### Input for this task
- Opening Delimiter -

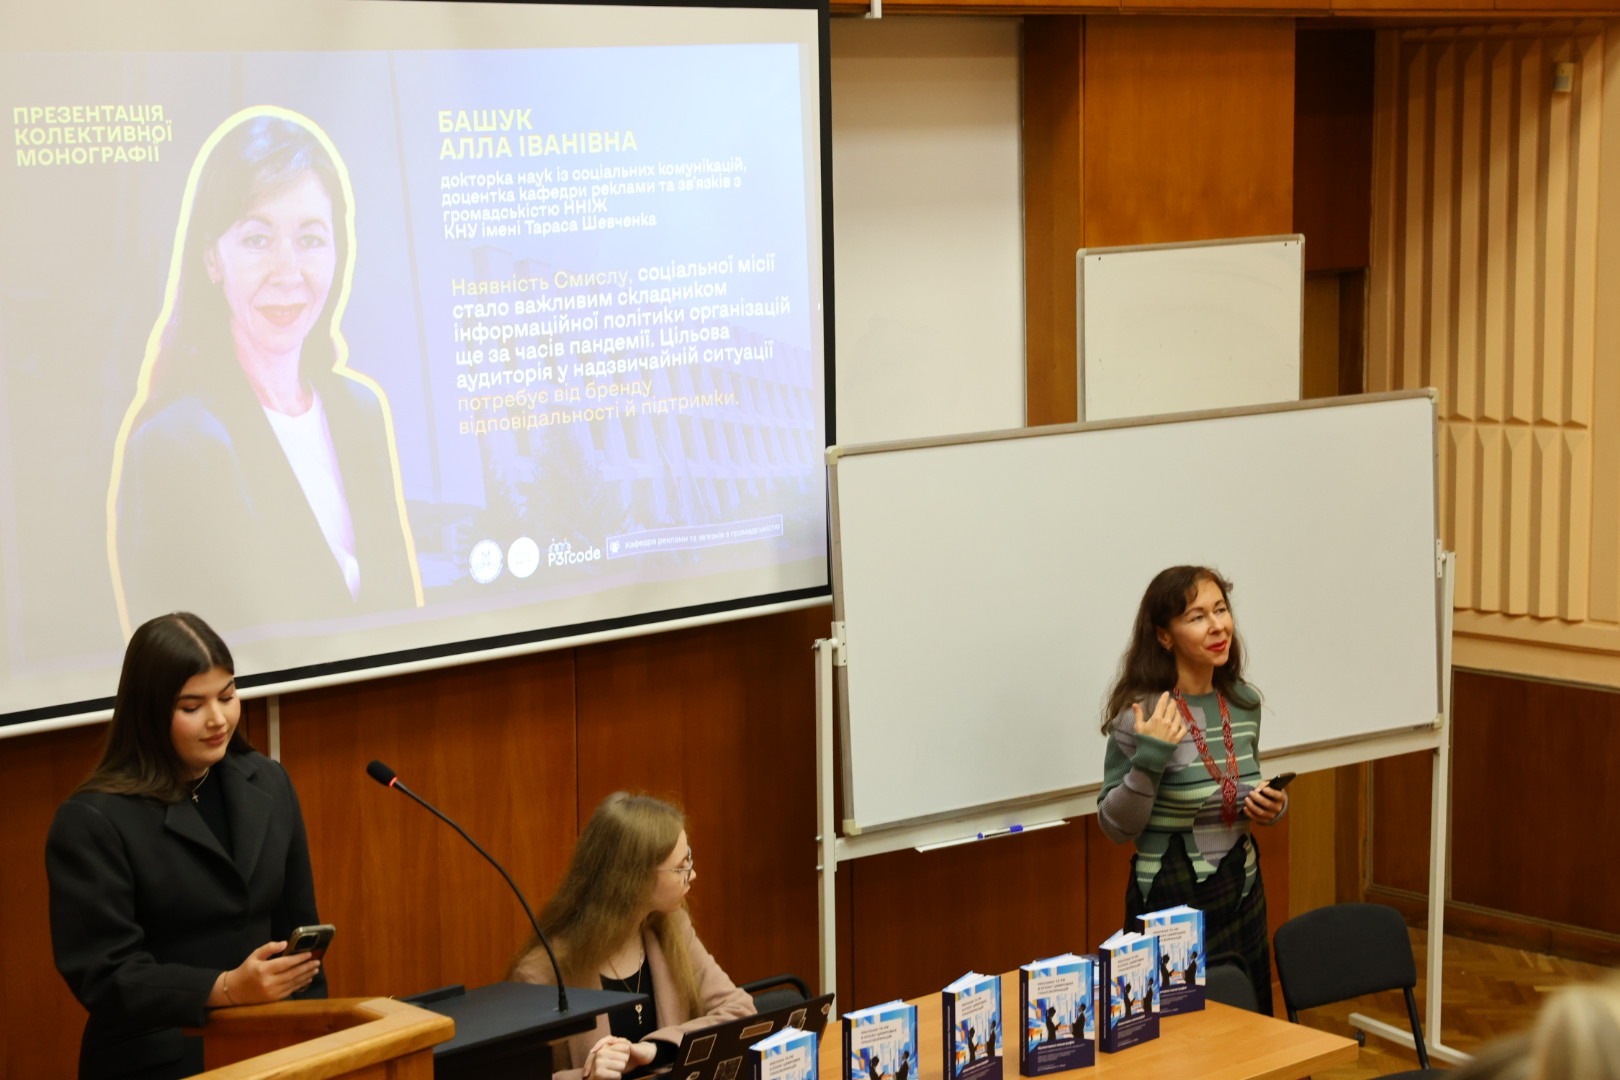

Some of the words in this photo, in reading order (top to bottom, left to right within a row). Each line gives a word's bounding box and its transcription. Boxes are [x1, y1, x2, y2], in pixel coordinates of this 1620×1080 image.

[13, 105, 163, 124] ПРЕЗЕНТАЦІЯ
[438, 108, 533, 133] БАШУК
[15, 120, 172, 146] КОЛЕКТИВНОЇ
[440, 135, 512, 160] АЛЛА
[520, 130, 638, 157] ІВАНІВНА
[17, 140, 160, 166] МОНОГРАФІЇ
[441, 170, 513, 190] докторка
[518, 167, 552, 187] наук
[556, 165, 568, 182] із
[573, 164, 654, 183] соціальних
[658, 156, 747, 179] комунікацій,
[442, 187, 515, 207] доцентка
[519, 183, 587, 204] кафедри
[592, 179, 655, 199] реклами
[658, 180, 674, 193] та
[443, 200, 559, 223] громадськістю
[564, 198, 607, 215] ННІЖ
[444, 222, 478, 240] КНУ
[482, 219, 520, 238] імені
[525, 218, 578, 236] Тараса
[582, 212, 657, 231] Шевченка
[451, 274, 548, 296] Наявність
[554, 269, 632, 291] Смислу,
[638, 255, 734, 281] соціальної
[738, 253, 776, 273] місії
[452, 301, 509, 319] стало
[515, 290, 614, 314] важливим
[618, 281, 727, 306] складником
[454, 312, 599, 343] інформаційної
[603, 309, 684, 331] політики
[689, 298, 791, 321] організацій
[456, 348, 484, 366] ще
[488, 347, 511, 362] за
[515, 341, 564, 360] часів
[570, 330, 654, 356] пандемії.
[660, 324, 730, 347] Цільова
[456, 364, 552, 391] аудиторія
[557, 363, 568, 383] у
[574, 345, 698, 377] надзвичайній
[703, 340, 774, 363] ситуації
[458, 388, 548, 412] потребує
[554, 383, 580, 403] від
[586, 380, 652, 400] бренду
[459, 403, 620, 435] відповідальності
[625, 396, 636, 416] й
[642, 390, 739, 415] підтримки.
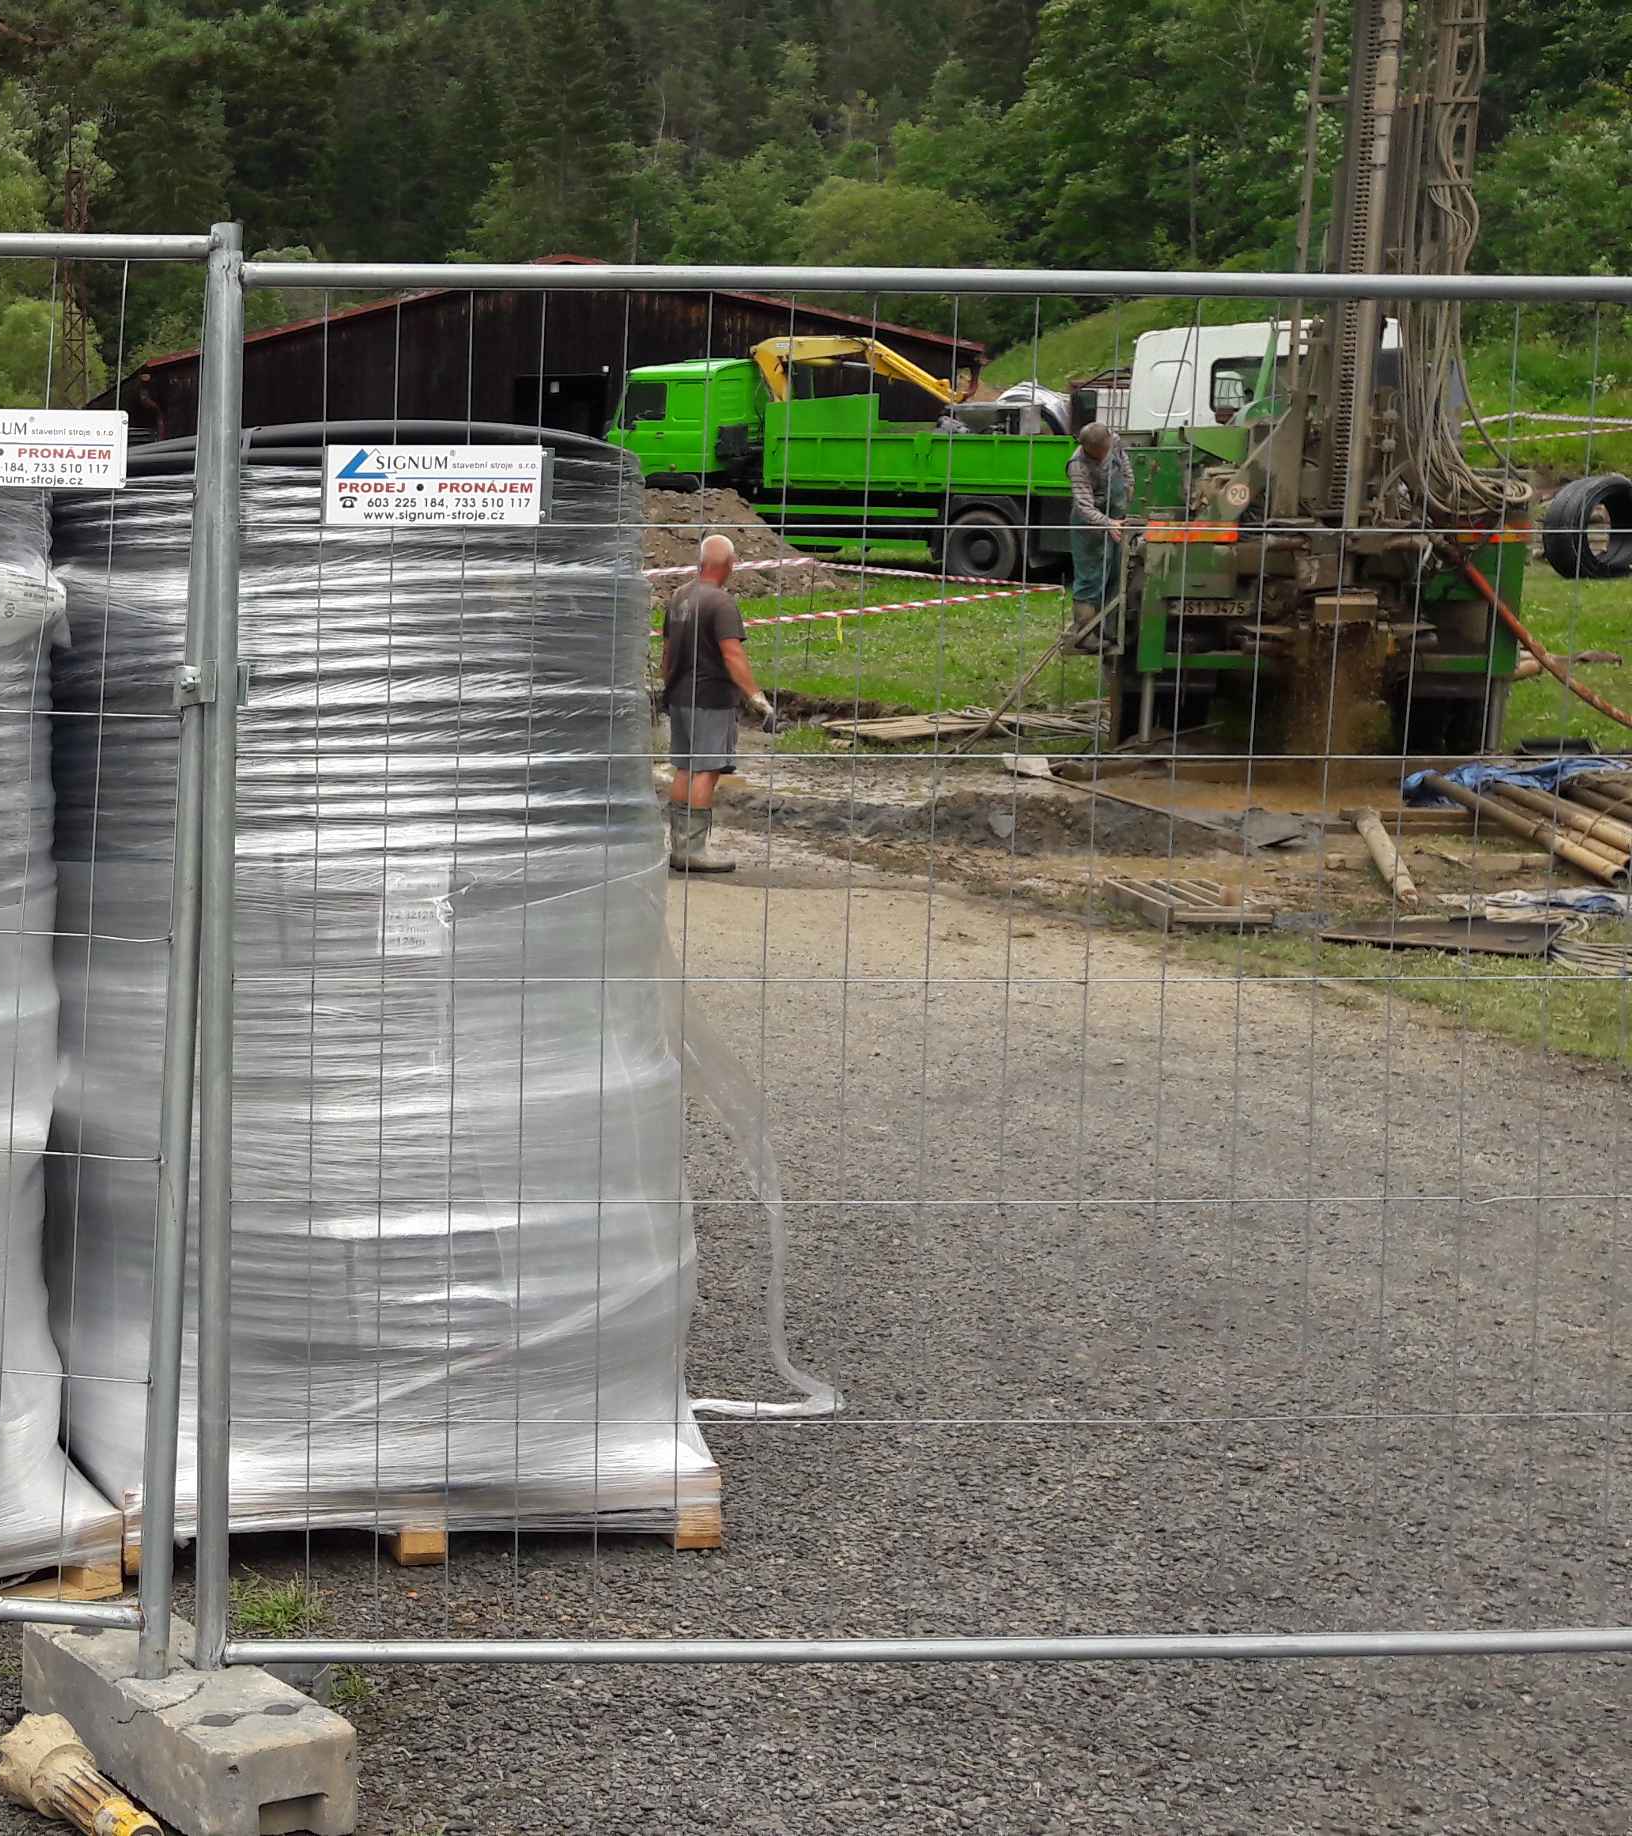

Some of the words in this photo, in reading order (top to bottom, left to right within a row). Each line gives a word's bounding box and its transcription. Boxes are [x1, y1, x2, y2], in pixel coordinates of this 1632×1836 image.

[68, 428, 91, 437] stroje
[17, 445, 112, 460] PRONÁJEM
[4, 462, 29, 474] 184,
[33, 463, 55, 473] 733
[60, 463, 82, 474] 510
[88, 464, 109, 474] 117
[375, 455, 449, 471] SIGNUM
[452, 461, 488, 470] stavební
[490, 461, 514, 471] stroje
[518, 462, 538, 470] s.r.o.
[338, 482, 407, 493] PRODEJ
[438, 479, 534, 494] PRONÁJEM
[1231, 487, 1247, 500] 90
[367, 498, 390, 508] 603
[394, 498, 417, 508] 225
[424, 498, 449, 509] 184,
[454, 498, 476, 508] 733
[482, 498, 504, 508] 510
[510, 498, 530, 508] 117
[363, 510, 506, 522] www.signum-stroje.cz

- Closing Delimiter -

### Task directions
Each record above must be retyped exactly, minus its pictures.

### Answer space
Some of the words in this photo, in reading order (top to bottom, left to right within a row). Each line gives a word's bounding box and its transcription. Boxes are [x1, y1, x2, y2], in pixel coordinates of this 1620×1080 image.

[13, 105, 163, 124] ПРЕЗЕНТАЦІЯ
[438, 108, 533, 133] БАШУК
[15, 120, 172, 146] КОЛЕКТИВНОЇ
[440, 135, 512, 160] АЛЛА
[520, 130, 638, 157] ІВАНІВНА
[17, 140, 160, 166] МОНОГРАФІЇ
[441, 170, 513, 190] докторка
[518, 167, 552, 187] наук
[556, 165, 568, 182] із
[573, 164, 654, 183] соціальних
[658, 156, 747, 179] комунікацій,
[442, 187, 515, 207] доцентка
[519, 183, 587, 204] кафедри
[592, 179, 655, 199] реклами
[658, 180, 674, 193] та
[443, 200, 559, 223] громадськістю
[564, 198, 607, 215] ННІЖ
[444, 222, 478, 240] КНУ
[482, 219, 520, 238] імені
[525, 218, 578, 236] Тараса
[582, 212, 657, 231] Шевченка
[451, 274, 548, 296] Наявність
[554, 269, 632, 291] Смислу,
[638, 255, 734, 281] соціальної
[738, 253, 776, 273] місії
[452, 301, 509, 319] стало
[515, 290, 614, 314] важливим
[618, 281, 727, 306] складником
[454, 312, 599, 343] інформаційної
[603, 309, 684, 331] політики
[689, 298, 791, 321] організацій
[456, 348, 484, 366] ще
[488, 347, 511, 362] за
[515, 341, 564, 360] часів
[570, 330, 654, 356] пандемії.
[660, 324, 730, 347] Цільова
[456, 364, 552, 391] аудиторія
[557, 363, 568, 383] у
[574, 345, 698, 377] надзвичайній
[703, 340, 774, 363] ситуації
[458, 388, 548, 412] потребує
[554, 383, 580, 403] від
[586, 380, 652, 400] бренду
[459, 403, 620, 435] відповідальності
[625, 396, 636, 416] й
[642, 390, 739, 415] підтримки.

Some of the words in this photo, in reading order (top to bottom, left to right within a row). Each line gives a word's bounding box and its transcription. Boxes are [x1, y1, x2, y2], in pixel coordinates of this 1632×1836 image.

[68, 428, 91, 437] stroje
[17, 445, 112, 460] PRONÁJEM
[4, 462, 29, 474] 184,
[33, 463, 55, 473] 733
[60, 463, 82, 474] 510
[88, 464, 109, 474] 117
[375, 455, 449, 471] SIGNUM
[452, 461, 488, 470] stavební
[490, 461, 514, 471] stroje
[518, 462, 538, 470] s.r.o.
[338, 482, 407, 493] PRODEJ
[438, 479, 534, 494] PRONÁJEM
[1231, 487, 1247, 500] 90
[367, 498, 390, 508] 603
[394, 498, 417, 508] 225
[424, 498, 449, 509] 184,
[454, 498, 476, 508] 733
[482, 498, 504, 508] 510
[510, 498, 530, 508] 117
[363, 510, 506, 522] www.signum-stroje.cz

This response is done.